The expected output is the full data, repeated exactly, without pictures.

═════ INPUT ═════

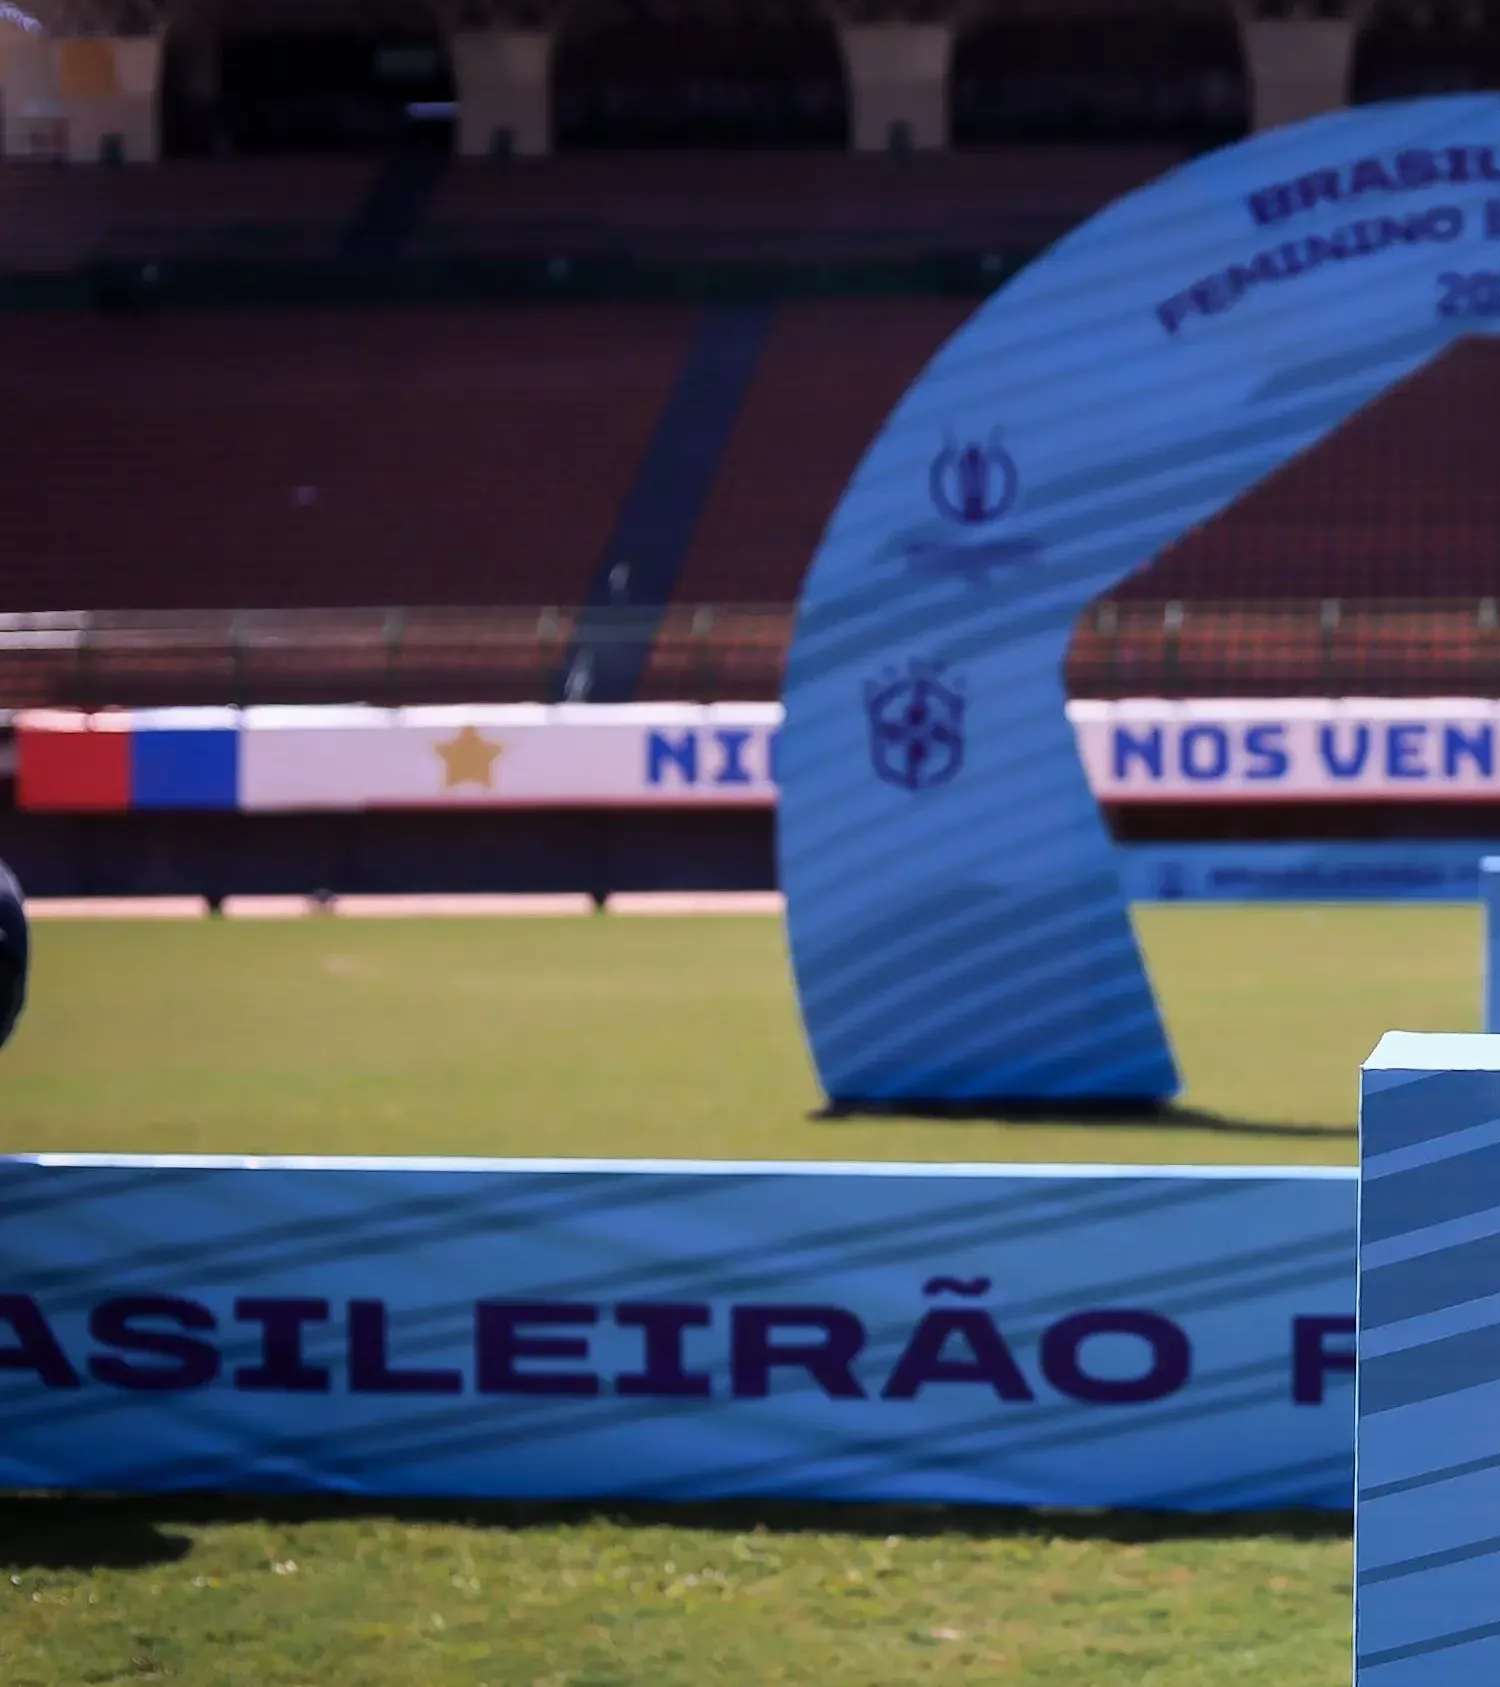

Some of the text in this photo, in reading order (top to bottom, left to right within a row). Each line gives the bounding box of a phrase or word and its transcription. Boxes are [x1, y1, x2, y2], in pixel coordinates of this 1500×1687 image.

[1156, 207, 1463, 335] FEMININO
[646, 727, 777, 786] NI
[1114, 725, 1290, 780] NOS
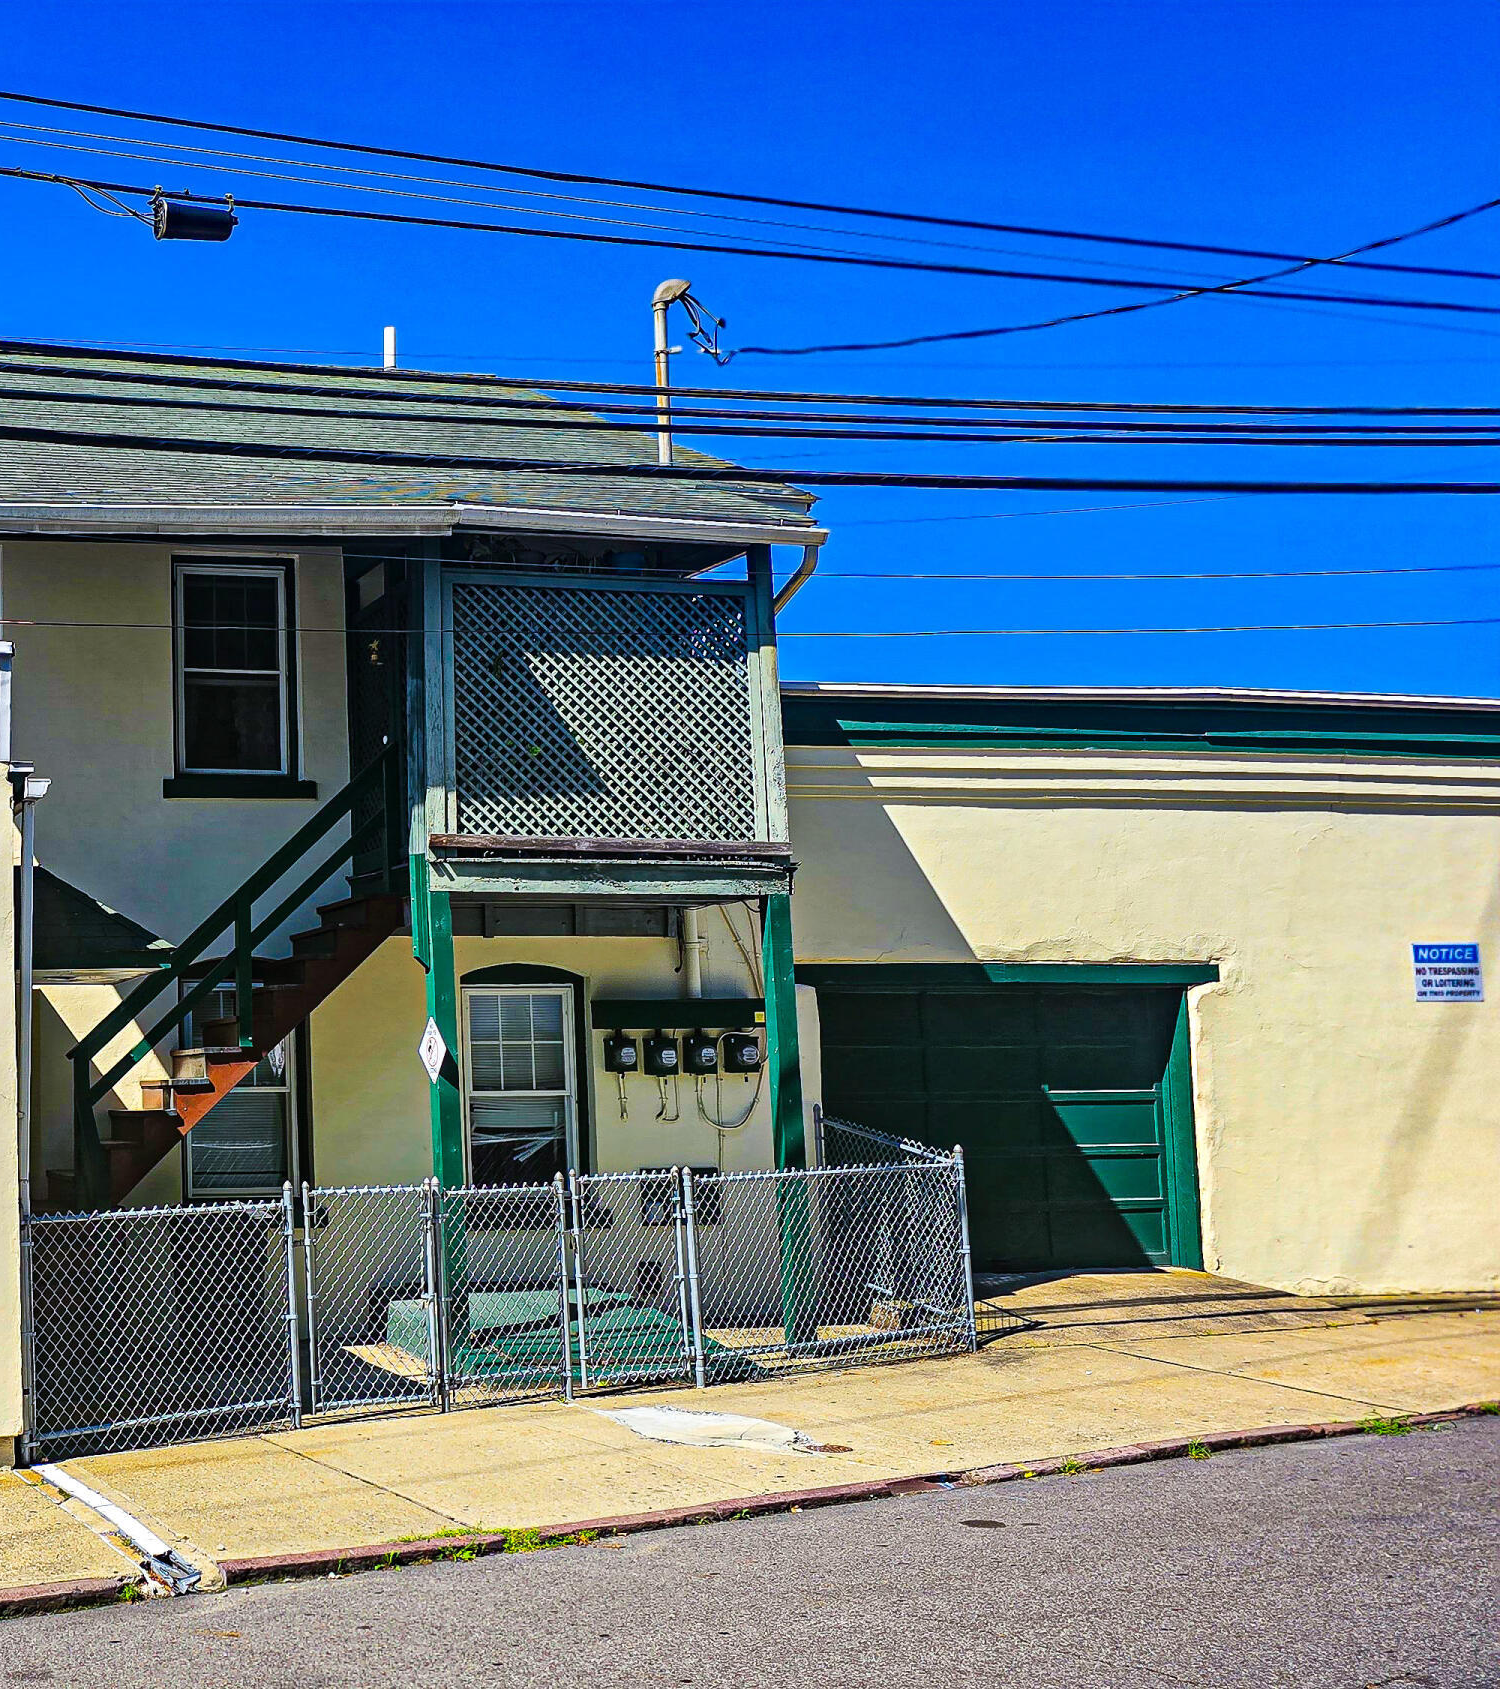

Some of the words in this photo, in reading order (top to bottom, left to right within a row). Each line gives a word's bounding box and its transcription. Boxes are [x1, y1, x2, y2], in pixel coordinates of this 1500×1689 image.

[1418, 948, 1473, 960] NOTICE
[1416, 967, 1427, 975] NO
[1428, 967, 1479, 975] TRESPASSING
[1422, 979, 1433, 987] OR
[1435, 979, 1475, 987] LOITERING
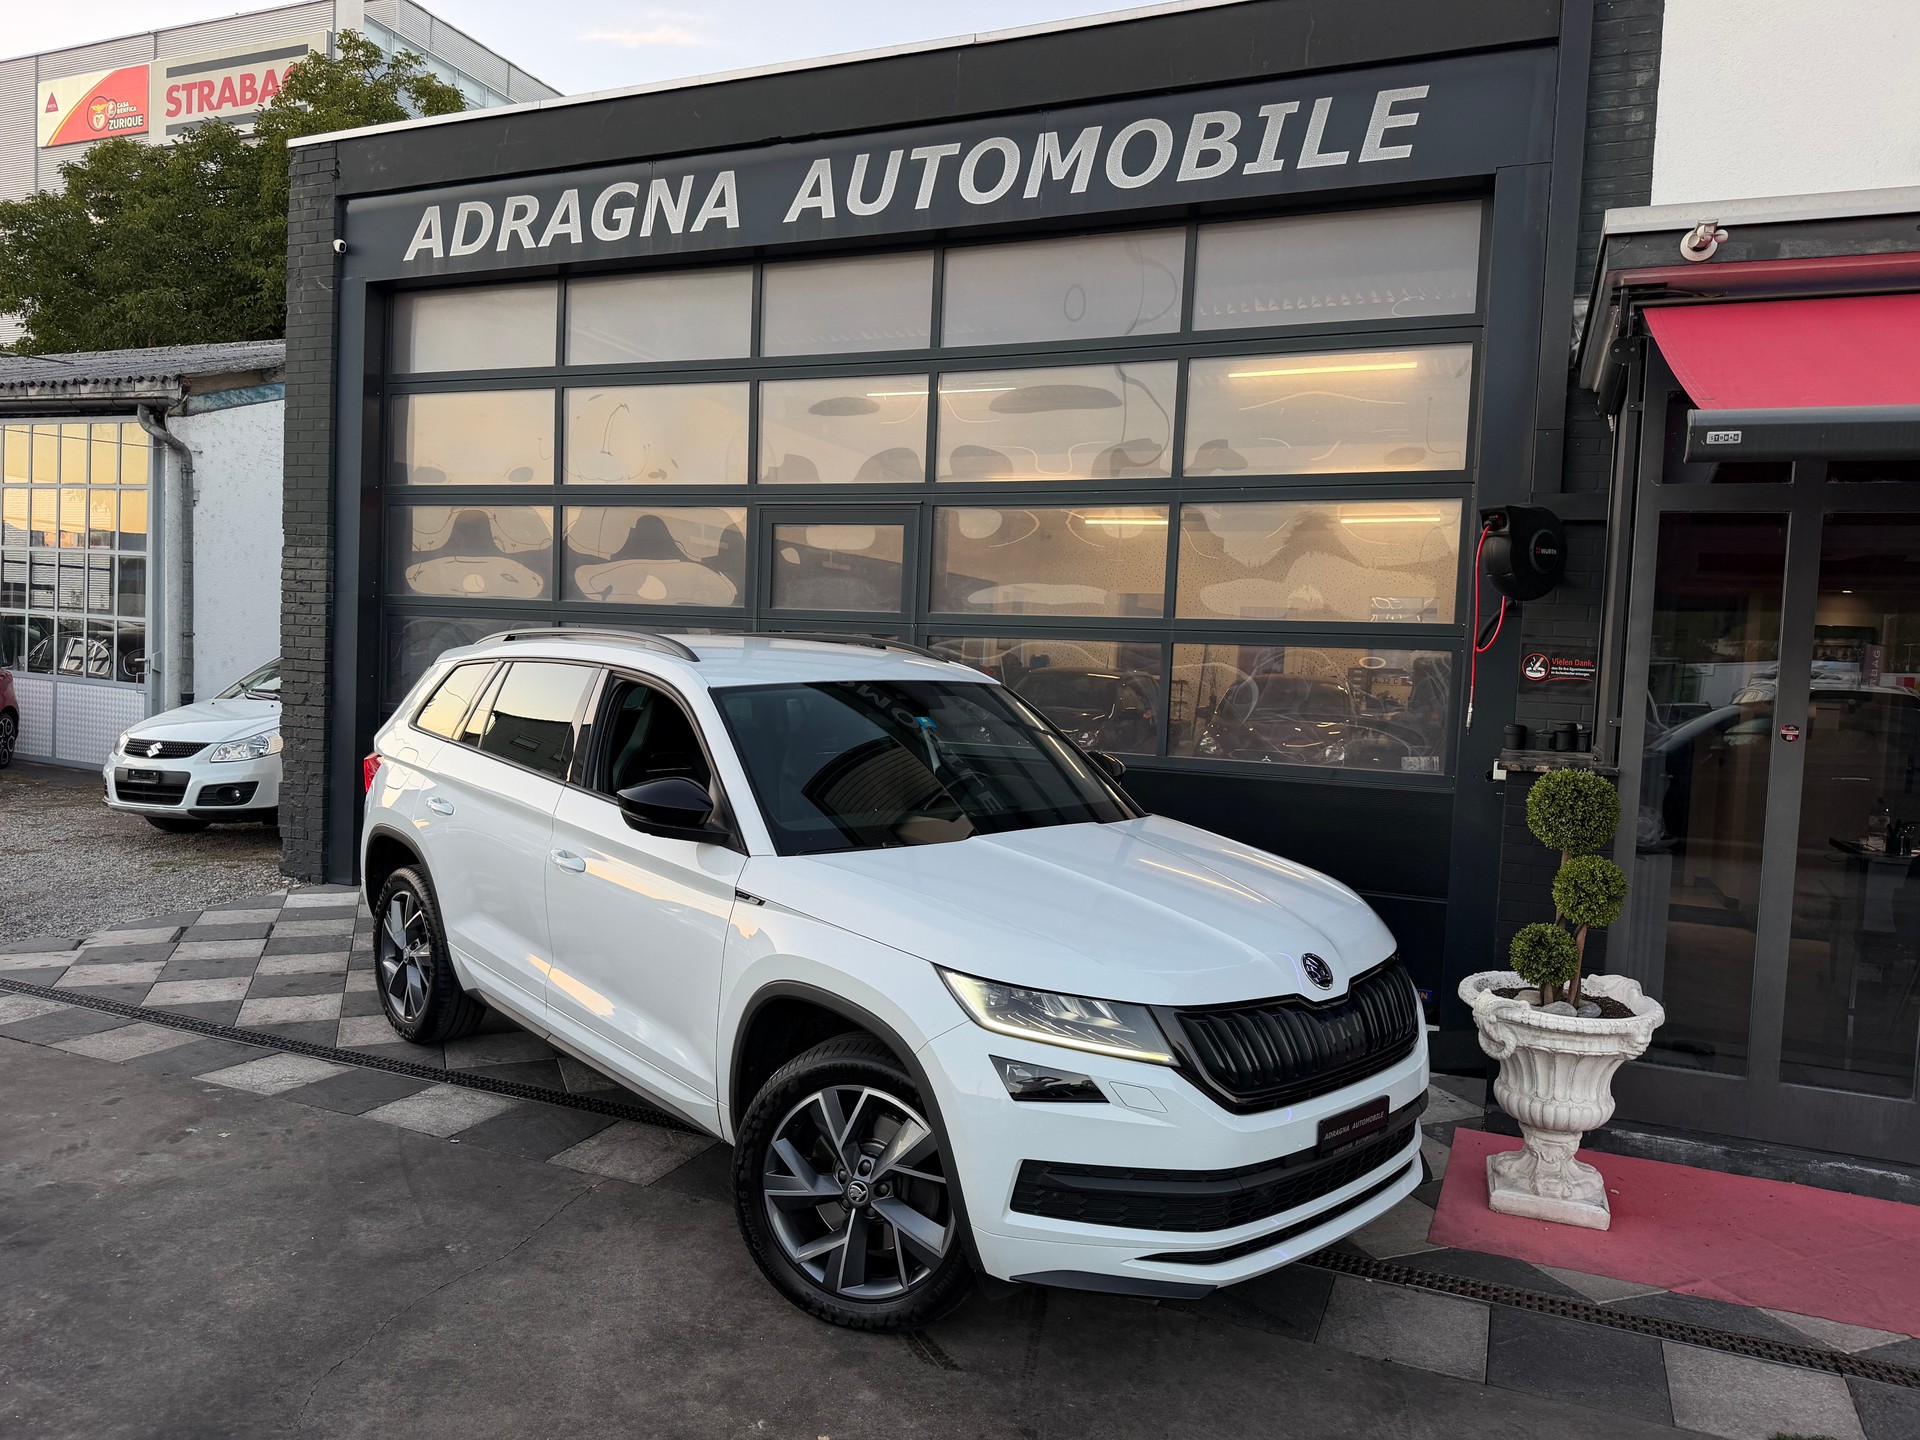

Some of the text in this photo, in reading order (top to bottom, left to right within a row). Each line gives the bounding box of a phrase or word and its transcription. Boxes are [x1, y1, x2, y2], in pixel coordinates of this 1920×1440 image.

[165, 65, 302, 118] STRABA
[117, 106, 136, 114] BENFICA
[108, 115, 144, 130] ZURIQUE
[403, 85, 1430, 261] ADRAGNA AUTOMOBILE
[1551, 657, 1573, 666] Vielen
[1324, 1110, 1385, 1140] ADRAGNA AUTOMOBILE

═════

**YOUR SOLUTION:**
Some of the text in this photo, in reading order (top to bottom, left to right within a row). Each line gives the bounding box of a phrase or word and its transcription. Boxes are [x1, y1, x2, y2], in pixel coordinates of this 1500×1687 image.

[1156, 207, 1463, 335] FEMININO
[646, 727, 777, 786] NI
[1114, 725, 1290, 780] NOS

Some of the words in this photo, in reading order (top to bottom, left to right within a row). Each line gives a word's bounding box and its transcription. Boxes are [x1, y1, x2, y2], in pixel coordinates of this 1500×1689 image.

[1418, 948, 1473, 960] NOTICE
[1416, 967, 1427, 975] NO
[1428, 967, 1479, 975] TRESPASSING
[1422, 979, 1433, 987] OR
[1435, 979, 1475, 987] LOITERING

Some of the text in this photo, in reading order (top to bottom, left to right within a row). Each line gives the bounding box of a phrase or word and its transcription. Boxes are [x1, y1, x2, y2], in pixel coordinates of this 1920×1440 image.

[165, 65, 302, 118] STRABA
[117, 106, 136, 114] BENFICA
[108, 115, 144, 130] ZURIQUE
[403, 85, 1430, 261] ADRAGNA AUTOMOBILE
[1551, 657, 1573, 666] Vielen
[1324, 1110, 1385, 1140] ADRAGNA AUTOMOBILE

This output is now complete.